LECOCQ Antoine

Par André Jeannet

Né le 6 août 1828 à Chalon-sur-Saône (Saône-et-Loire) ; instituteur, journaliste, poète ; participant à la Commune du Creusot.

Instituteur libre à Saint-Julien-sur-Dheune (Saône-et-Loire) en 1854 et 1855. Devenu journaliste, il écrivit dans les colonnes du Progrès de la Côte d’Or et du Courrier de Saône-et-Loire, deux journaux conservateurs, puis dans celles de l’organe creusotin L’Ouvrier.

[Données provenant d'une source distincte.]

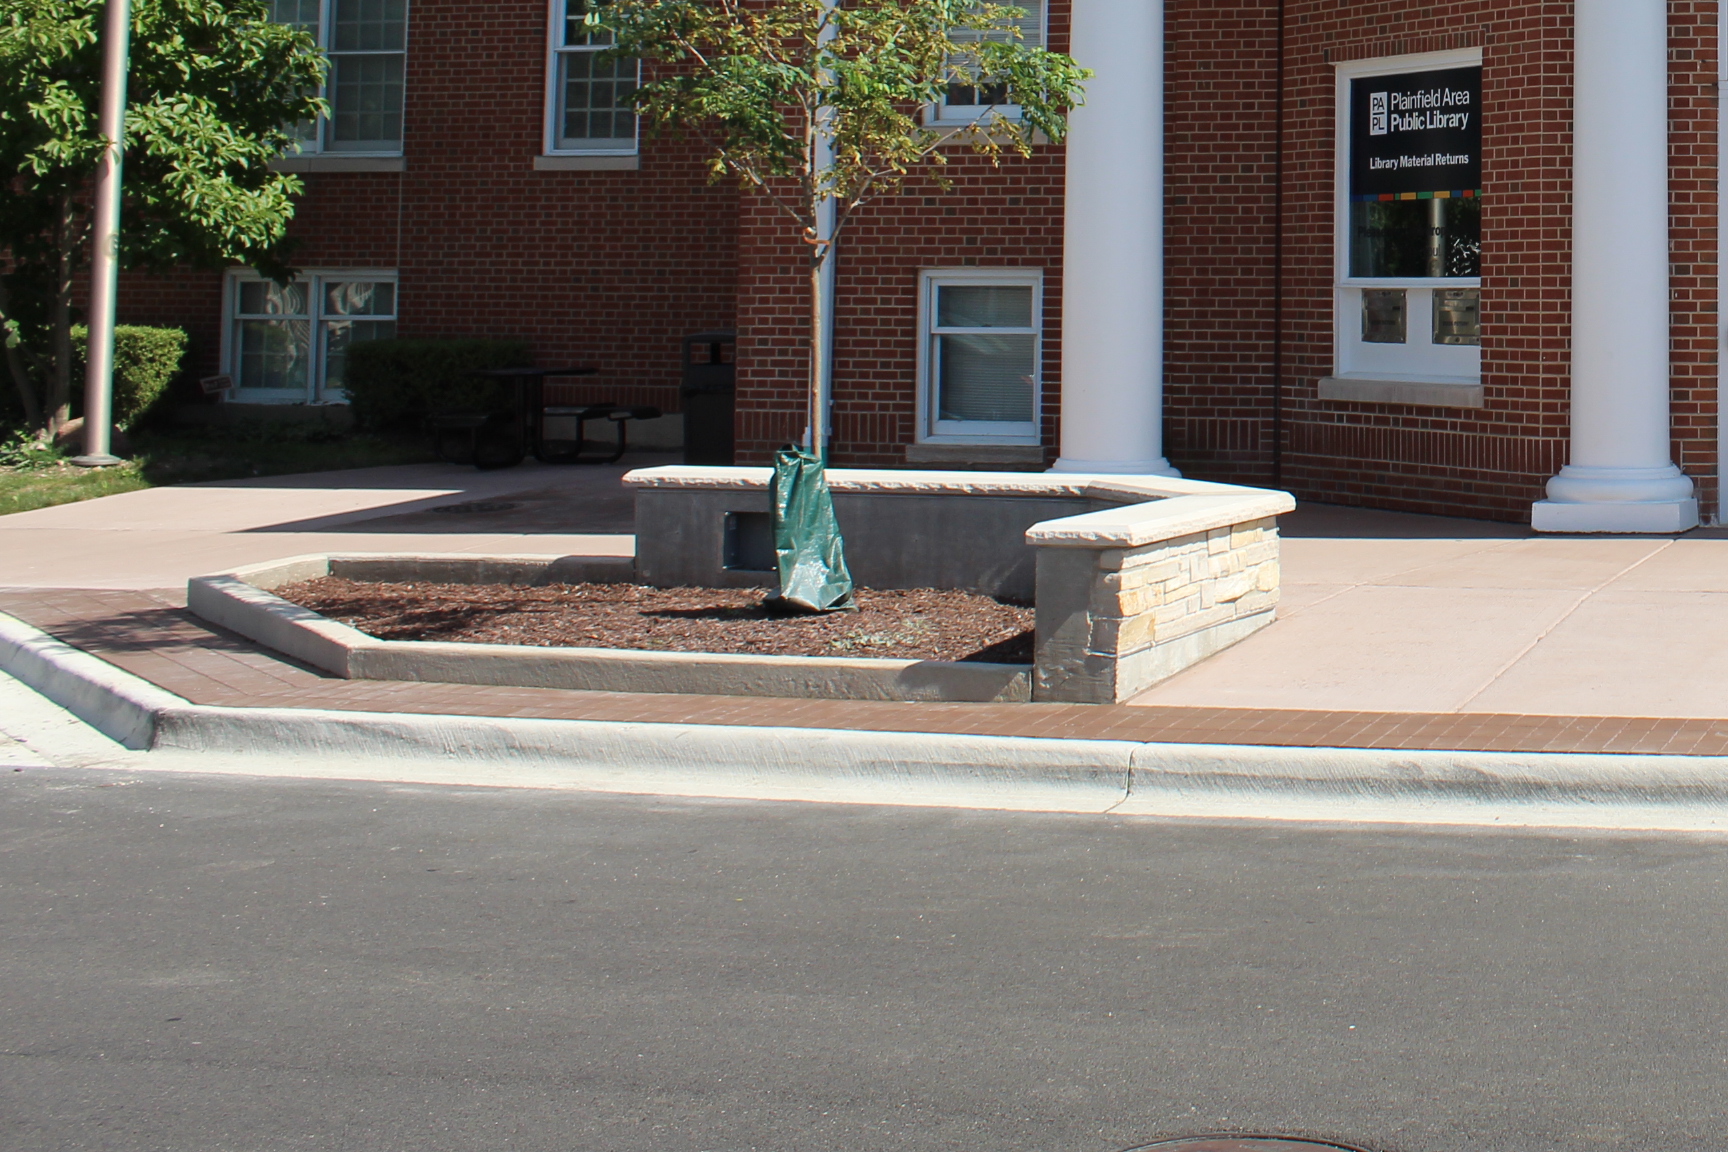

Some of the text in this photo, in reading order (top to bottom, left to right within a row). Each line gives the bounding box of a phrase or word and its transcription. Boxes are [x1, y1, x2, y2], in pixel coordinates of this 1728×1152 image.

[1372, 97, 1385, 111] PA
[1391, 87, 1470, 111] Plainfield Area
[1372, 117, 1385, 131] PL
[1390, 110, 1469, 132] Public Library
[1370, 153, 1469, 170] Library Material Returns

Il était l’auteur de poésies sociales semblables à celle qui suit :

« Au Peuple.
Peuple accepte ces chants, ma muse est plébéienne
Humble enfant, éprouvé par le vent du malheur,
Comme toi, j’ai souffert la misère et la peine,
Senti mon cœur meurtri par une lourde chaîne,
Pour toi j’ai heurté du front la tourbe hautaine.
De tes maîtres, hommes sans cœur.
Peuple ma tâche est faite et la tienne commence,
Crois-moi, plus de pardon ! On rit de ta clémence,
Reprends enfin ta place, ô peuple de France,
Qui pleure et gémit sous un sabre vainqueur !
D’un seul bond renversant les tyrans des deux mondes,
Écrase sans pitié ces animaux immondes
Sous ton talon vengeur. »

Il fut poursuivi comme membre de la Commune au Creusot (Saône-et-Loire) devant la cour d’assises de Saône-et-Loire dans sa session des 8 et 9 septembre 1871 ; mais le jury ne retint pas l’accusation.

Pour citer cet article :
https://maitron.fr/spip.php?article63737, notice LECOCQ Antoine par André Jeannet, version mise en ligne le 26 juillet 2009, dernière modification le 28 novembre 2019.

Par André Jeannet

SOURCES : Arch. de la Côte-d’or, série U. — A. Jeannet, « La Commune au Creusot, ses origines, son procès », La Physiophile, Montceau-lès-Mines, 1993.